INPUT FOR THIS TASK =>
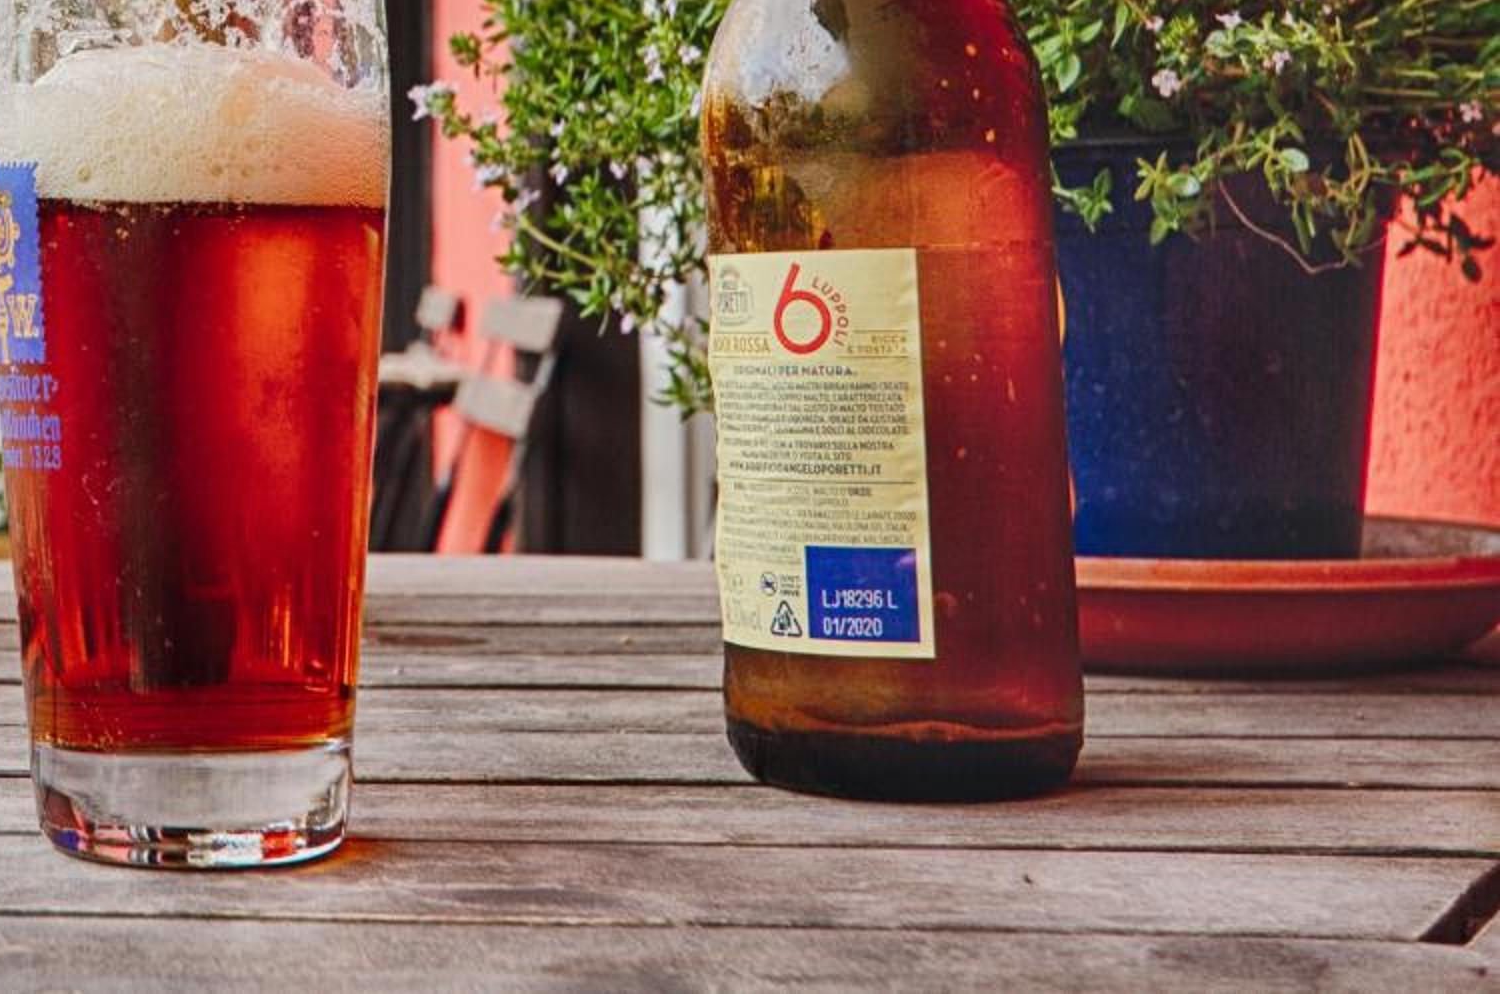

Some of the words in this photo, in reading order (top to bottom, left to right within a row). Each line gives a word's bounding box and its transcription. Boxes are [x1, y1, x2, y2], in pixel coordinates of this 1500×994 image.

[773, 262, 833, 355] 6
[811, 276, 850, 347] LUPPOLI
[821, 588, 883, 610] LJ18296
[887, 589, 899, 609] L
[822, 616, 883, 637] 01/2020
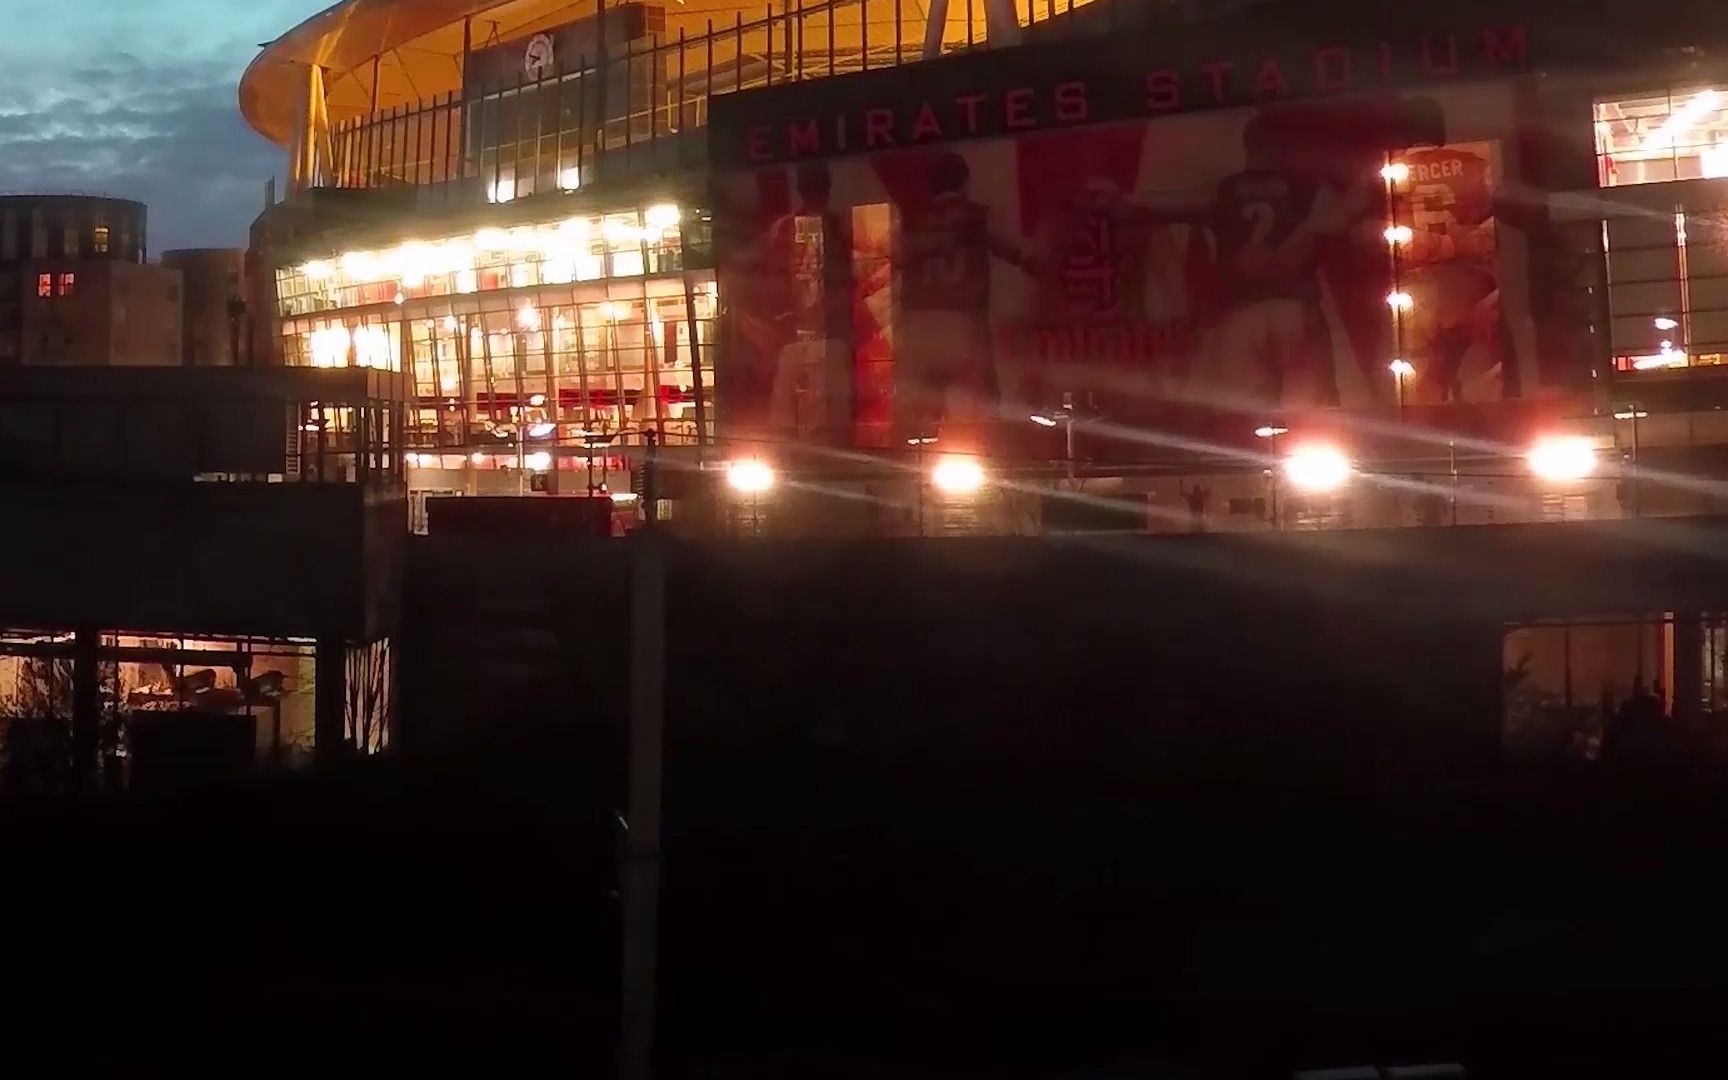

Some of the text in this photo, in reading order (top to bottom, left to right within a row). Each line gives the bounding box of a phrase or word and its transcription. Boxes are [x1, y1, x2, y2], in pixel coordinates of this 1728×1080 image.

[750, 27, 1525, 159] EMIRATES STADIUM
[1400, 159, 1464, 181] ERCER
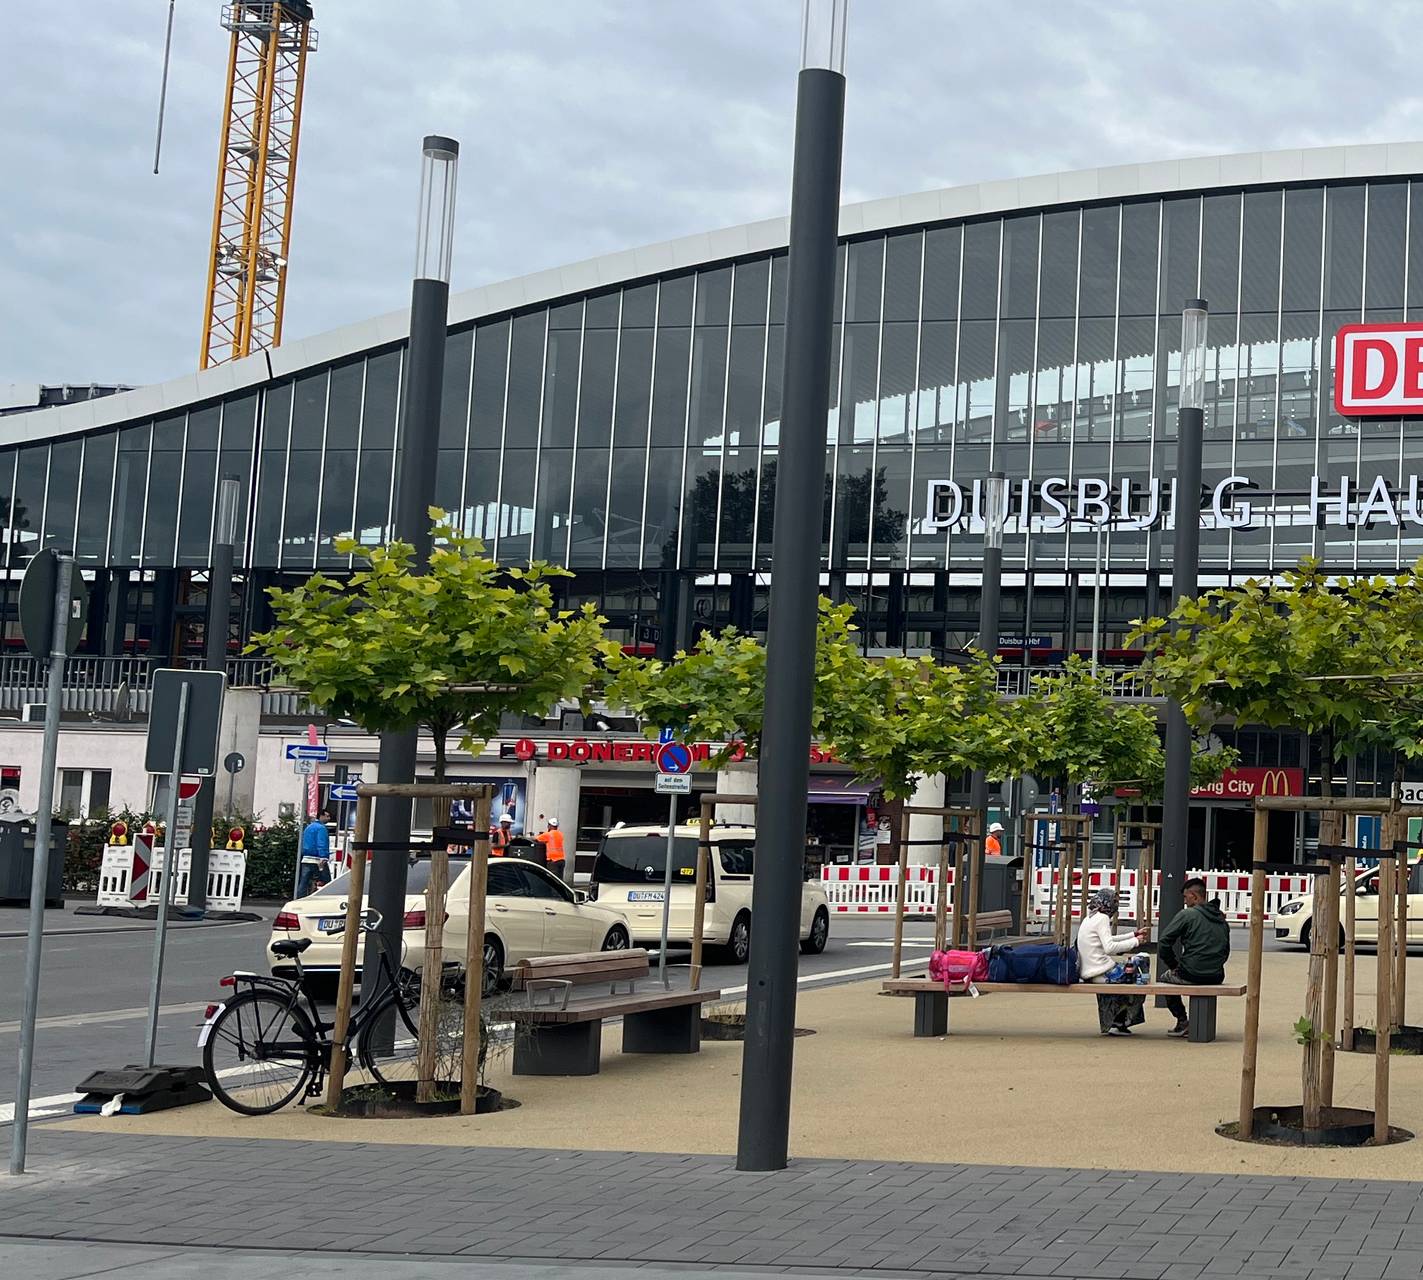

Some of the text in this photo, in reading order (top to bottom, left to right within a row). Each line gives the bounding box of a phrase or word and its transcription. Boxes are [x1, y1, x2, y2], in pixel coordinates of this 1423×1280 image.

[926, 475, 1252, 528] DUISBUG
[999, 637, 1028, 646] Duisbur
[1227, 779, 1255, 796] City

WORK INSTRUCTION => Reproduce the entire listing exactly, but omit any pictures.

EXPECTED ANSWER =>
Some of the words in this photo, in reading order (top to bottom, left to right within a row). Each line gives a word's bounding box and its transcription. Boxes are [x1, y1, x2, y2], in pixel coordinates of this 1500×994 image.

[773, 262, 833, 355] 6
[811, 276, 850, 347] LUPPOLI
[821, 588, 883, 610] LJ18296
[887, 589, 899, 609] L
[822, 616, 883, 637] 01/2020

Some of the text in this photo, in reading order (top to bottom, left to right within a row). Each line gives the bounding box of a phrase or word and its transcription. Boxes are [x1, y1, x2, y2], in pixel coordinates of this 1728×1080 image.

[750, 27, 1525, 159] EMIRATES STADIUM
[1400, 159, 1464, 181] ERCER

Some of the text in this photo, in reading order (top to bottom, left to right within a row). Each line gives the bounding box of a phrase or word and its transcription. Boxes are [x1, y1, x2, y2], in pixel coordinates of this 1423×1280 image.

[926, 475, 1252, 528] DUISBUG
[999, 637, 1028, 646] Duisbur
[1227, 779, 1255, 796] City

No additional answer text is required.